From the UHealth Collective.
A woman makes tentative brushstrokes on a blank sheet of paper. Brilliant blues and greens flood the whitespace as her first watercolor painting emerges. Keenly focused on the task at hand, for a few precious moments, she forgets she has cancer.
She has reached a “state of flow,” says Lindsey Weaver, M.A., A.T.R., an art therapist with Sylvester Comprehensive Cancer Center, part of the University of Miami Health System. “Art therapy is good for retraining your brain to what you want it to focus on, for getting into that state of flow where time flies by, and you’re not thinking about anything else.”
Creating art is believed to promote physical, mental, and emotional wellness. Art therapy helps patients process feelings and helps therapists understand what areas to explore with the patient. Weaver says how and what a patient draws or paints indicates certain emotions.
Weaver, who works with patients and families through Sylvester Cancer Support Services, describes her discipline as “a combination of art and psychology to promote healing. It’s an additional way to communicate with the patient, to guide the conversation, and to increase awareness of what is going on.”
Studies have shown that art therapy helps with pain management, promotes mindfulness, and helps relieve stress and anxiety. A review of scientific literature stated that art therapy “could possibly help decrease symptoms of anxiety and depression and improve quality of life in adult cancer patients.” Another NIH study said art therapy may “maximize the quality of life in pediatric oncology patients.”
Creativity is good for your health.
Art therapy isn’t just a pleasant pastime for mental health. Using art and talk therapy together, Weaver strives to achieve specific goals for patients, such as:
- Alleviate anxiety and depression
- Improve cognitive and sensorimotor function
- Foster and enhance self-awareness, self-esteem, and self-worth
- Cultivate emotional resilience
- Enhance social skills
- Promote relaxation
- Understand and accept feelings
- Exercise a sense of choice and control
- Improve communication and self-expression
- Find a positive distraction during a stressful situation
- Feel validated, heard, and supported
- Process grief
- Improve mood and focus
Patients and their families can use art “as an outlet and a coping skill,” Weaver says.
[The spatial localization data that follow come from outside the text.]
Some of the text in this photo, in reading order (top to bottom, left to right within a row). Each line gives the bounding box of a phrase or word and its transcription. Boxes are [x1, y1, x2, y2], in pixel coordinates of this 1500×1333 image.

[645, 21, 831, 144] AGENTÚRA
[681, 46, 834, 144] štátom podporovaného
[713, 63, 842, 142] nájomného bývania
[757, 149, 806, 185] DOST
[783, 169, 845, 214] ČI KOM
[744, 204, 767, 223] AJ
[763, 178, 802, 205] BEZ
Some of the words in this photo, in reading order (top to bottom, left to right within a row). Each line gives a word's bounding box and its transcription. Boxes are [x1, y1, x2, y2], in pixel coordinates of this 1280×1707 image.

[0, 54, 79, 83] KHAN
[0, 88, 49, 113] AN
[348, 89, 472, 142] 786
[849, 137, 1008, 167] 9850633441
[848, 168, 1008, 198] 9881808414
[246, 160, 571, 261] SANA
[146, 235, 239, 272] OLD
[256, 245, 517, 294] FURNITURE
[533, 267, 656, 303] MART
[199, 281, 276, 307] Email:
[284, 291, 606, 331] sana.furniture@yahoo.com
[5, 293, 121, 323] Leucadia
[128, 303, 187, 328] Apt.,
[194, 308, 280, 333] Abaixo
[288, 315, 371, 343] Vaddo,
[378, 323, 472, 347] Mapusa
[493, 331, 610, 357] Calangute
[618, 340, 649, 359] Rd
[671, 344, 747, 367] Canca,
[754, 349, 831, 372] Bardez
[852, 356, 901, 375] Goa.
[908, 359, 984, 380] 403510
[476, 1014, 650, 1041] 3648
There’s no wrong way to make art.
Not everyone is keen on the creative process at first.
“Many adults are intimidated by art, but there’s no wrong way to go about it. You can’t mess up,” Weaver says.
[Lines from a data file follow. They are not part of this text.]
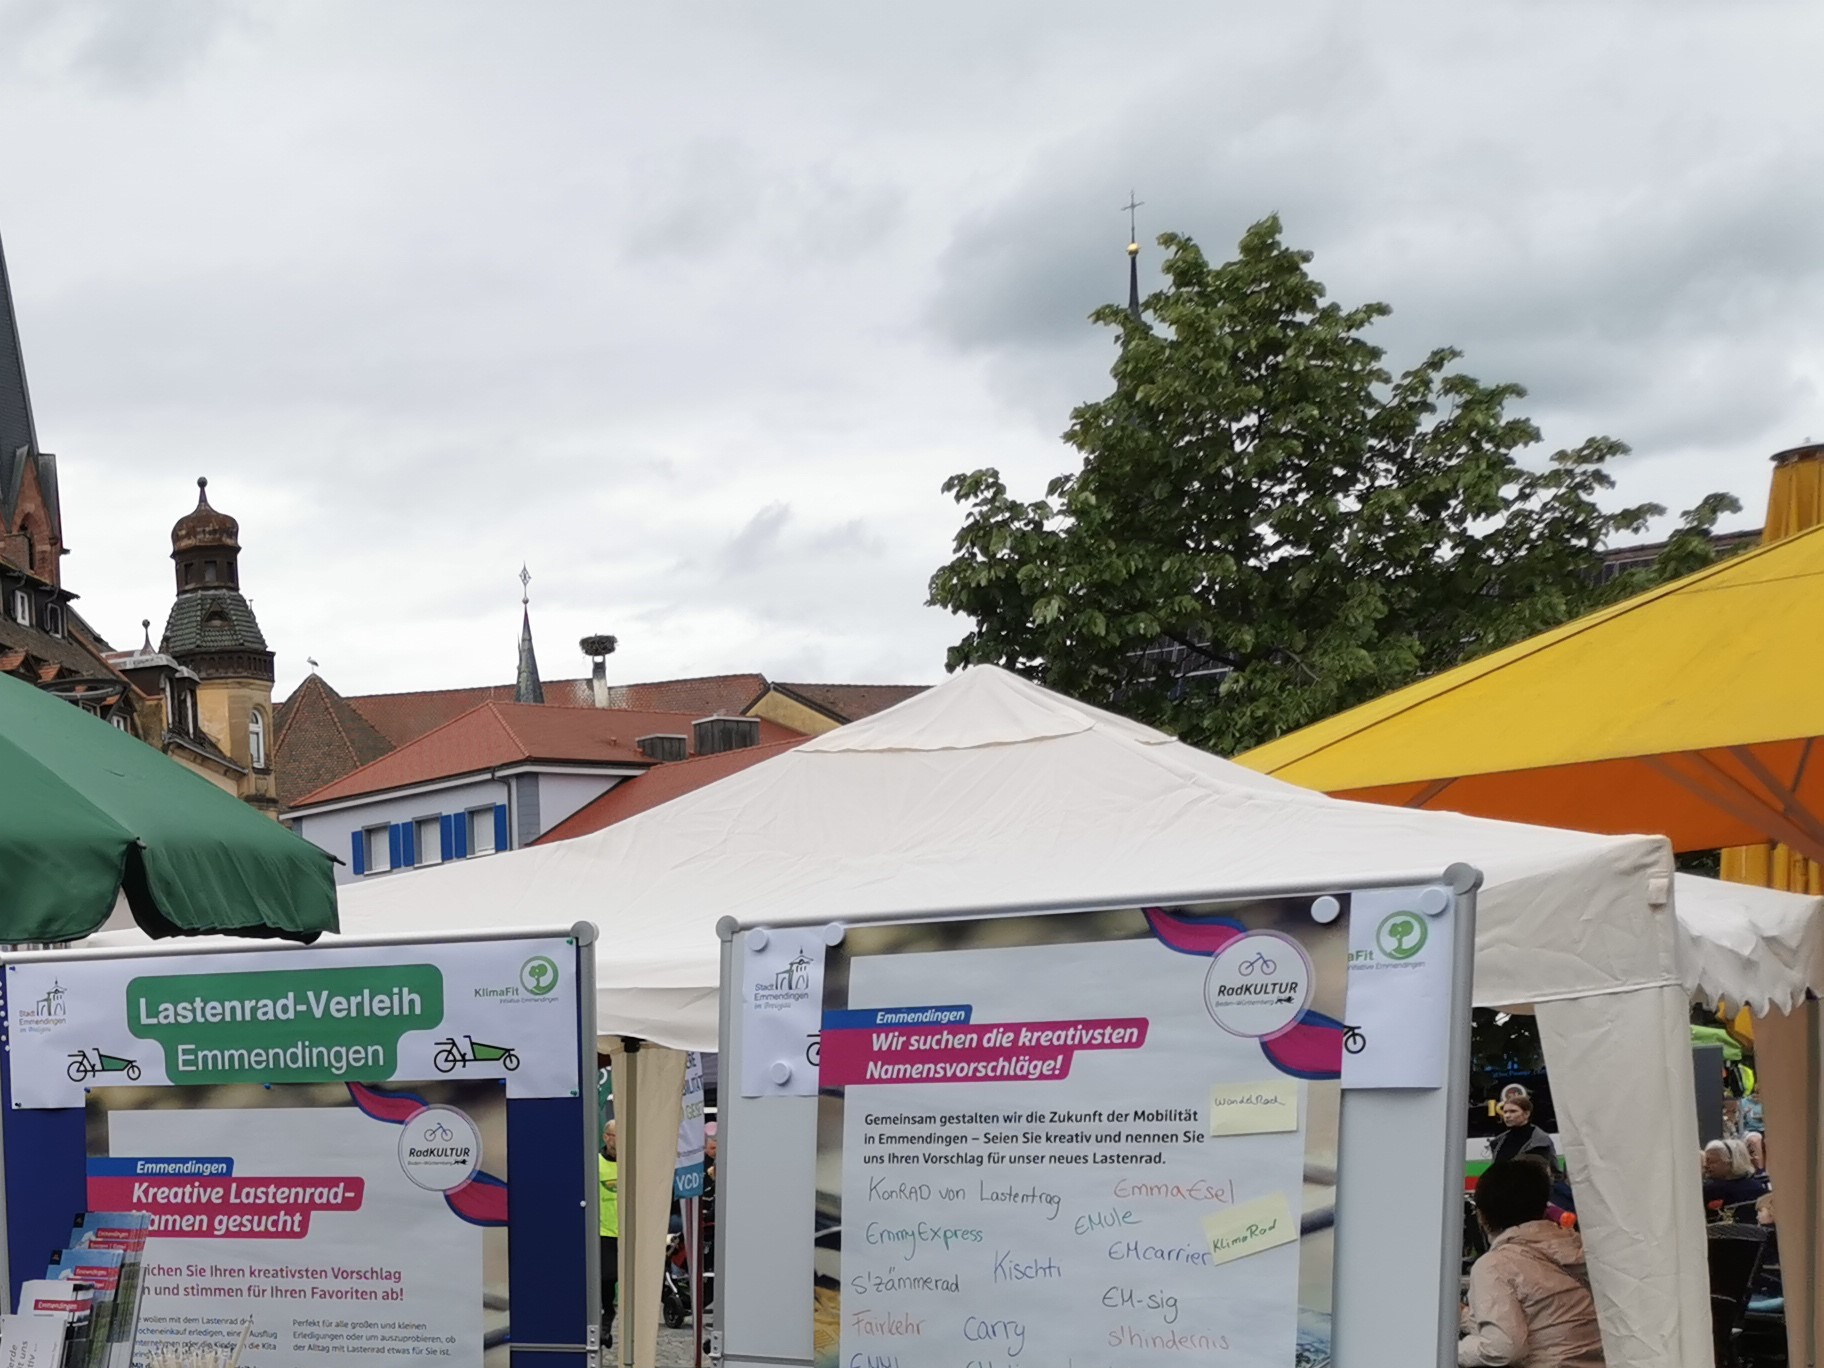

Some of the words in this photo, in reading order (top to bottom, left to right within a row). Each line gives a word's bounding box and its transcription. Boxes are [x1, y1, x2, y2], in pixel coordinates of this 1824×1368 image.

[474, 986, 519, 998] KlimaFit
[754, 992, 808, 1001] Emmendingen
[1218, 981, 1298, 997] RadKULTUR
[139, 986, 422, 1025] Lastenrad-Verleih
[876, 1009, 965, 1025] Emmendingen
[872, 1032, 906, 1051] Wir
[908, 1029, 978, 1050] suchen
[983, 1027, 1014, 1048] die
[1018, 1025, 1139, 1047] kreativsten
[177, 1040, 384, 1075] Emmendingen
[866, 1055, 1064, 1081] Namensvorschläge!
[864, 1113, 936, 1126] Gemeinsam
[939, 1112, 999, 1127] gestalten
[1003, 1112, 1022, 1124] wir
[1026, 1111, 1045, 1123] die
[1049, 1110, 1103, 1123] Zukunft
[1107, 1110, 1129, 1123] der
[1133, 1108, 1198, 1122] Mobilität
[864, 1133, 875, 1144] in
[878, 1132, 968, 1147] Emmendingen
[983, 1132, 1018, 1144] Seien
[1022, 1131, 1042, 1144] Sie
[1045, 1131, 1092, 1144] kreativ
[1095, 1130, 1121, 1143] und
[1125, 1132, 1178, 1143] nennen
[1183, 1130, 1205, 1143] Sie
[409, 1147, 470, 1157] RadKULTUR
[864, 1154, 885, 1164] uns
[888, 1152, 919, 1164] Ihren
[923, 1152, 984, 1167] Vorschlag
[987, 1152, 1006, 1164] für
[1009, 1154, 1046, 1164] unser
[1048, 1153, 1088, 1164] neues
[1093, 1152, 1166, 1165] Lastenrad.
[136, 1160, 226, 1176] Emmendingen
[132, 1181, 224, 1204] Kreative
[229, 1182, 356, 1204] Lastenrad-
[1113, 1178, 1235, 1204] EmmaEsel
[938, 1188, 966, 1201] von
[979, 1179, 1061, 1221] Lastentrag
[132, 1209, 208, 1231] amen
[214, 1210, 303, 1235] gesucht
[866, 1221, 984, 1261] EmmyExpress
[186, 1264, 206, 1277] Sie
[210, 1265, 246, 1278] Ihren
[249, 1266, 328, 1279] kreativsten
[331, 1267, 402, 1283] Vorschlag
[155, 1284, 180, 1297] und
[184, 1284, 243, 1298] stimmen
[247, 1285, 267, 1299] für
[271, 1286, 307, 1299] Ihren
[311, 1287, 377, 1301] Favoriten
[382, 1288, 404, 1301] ab!
[202, 1317, 238, 1325] Lastenrad
[293, 1319, 320, 1327] Perfekt
[322, 1319, 333, 1328] für
[335, 1320, 349, 1328] alle
[351, 1320, 379, 1330] großen
[381, 1322, 396, 1330] und
[398, 1322, 427, 1330] kleinen
[851, 1309, 926, 1336] Fairkehr
[249, 1330, 277, 1339] Ausflug
[293, 1331, 344, 1341] Erledigungen
[346, 1333, 364, 1341] oder
[380, 1334, 443, 1344] auszuprobieren,
[307, 1344, 330, 1354] Alltag
[347, 1345, 385, 1354] Lastenrad
[387, 1347, 410, 1355] etwas
[412, 1347, 424, 1355] für
Participants choose the medium in which they want to work. If someone isn’t comfortable drawing, they can use magazine pictures to make a collage or craft something out of clay.
At the start of each session, Weaver tells participants what to expect. “I check in to see where they are and what they want to explore. If a patient is feeling down, I might suggest a medium or subject to boost their mood.”
Sylvester’s art therapy program is currently offered on an outpatient basis for patients undergoing treatment. Families and friends are also encouraged to attend.
“Group art therapy helps people realize they’re not the only ones going through cancer,” Weaver says.
In the near future, she will provide individual in-person sessions in Sylvester’s inpatient and chemotherapy units and community art therapy sessions via Zoom. Sylvester also offers art therapy to nurses and staff who provide cancer care.
To become a licensed, certified art therapist, Weaver completed visual arts and master’s of art degrees before pursuing additional academic and clinical training, as required by The American Art Therapy Association.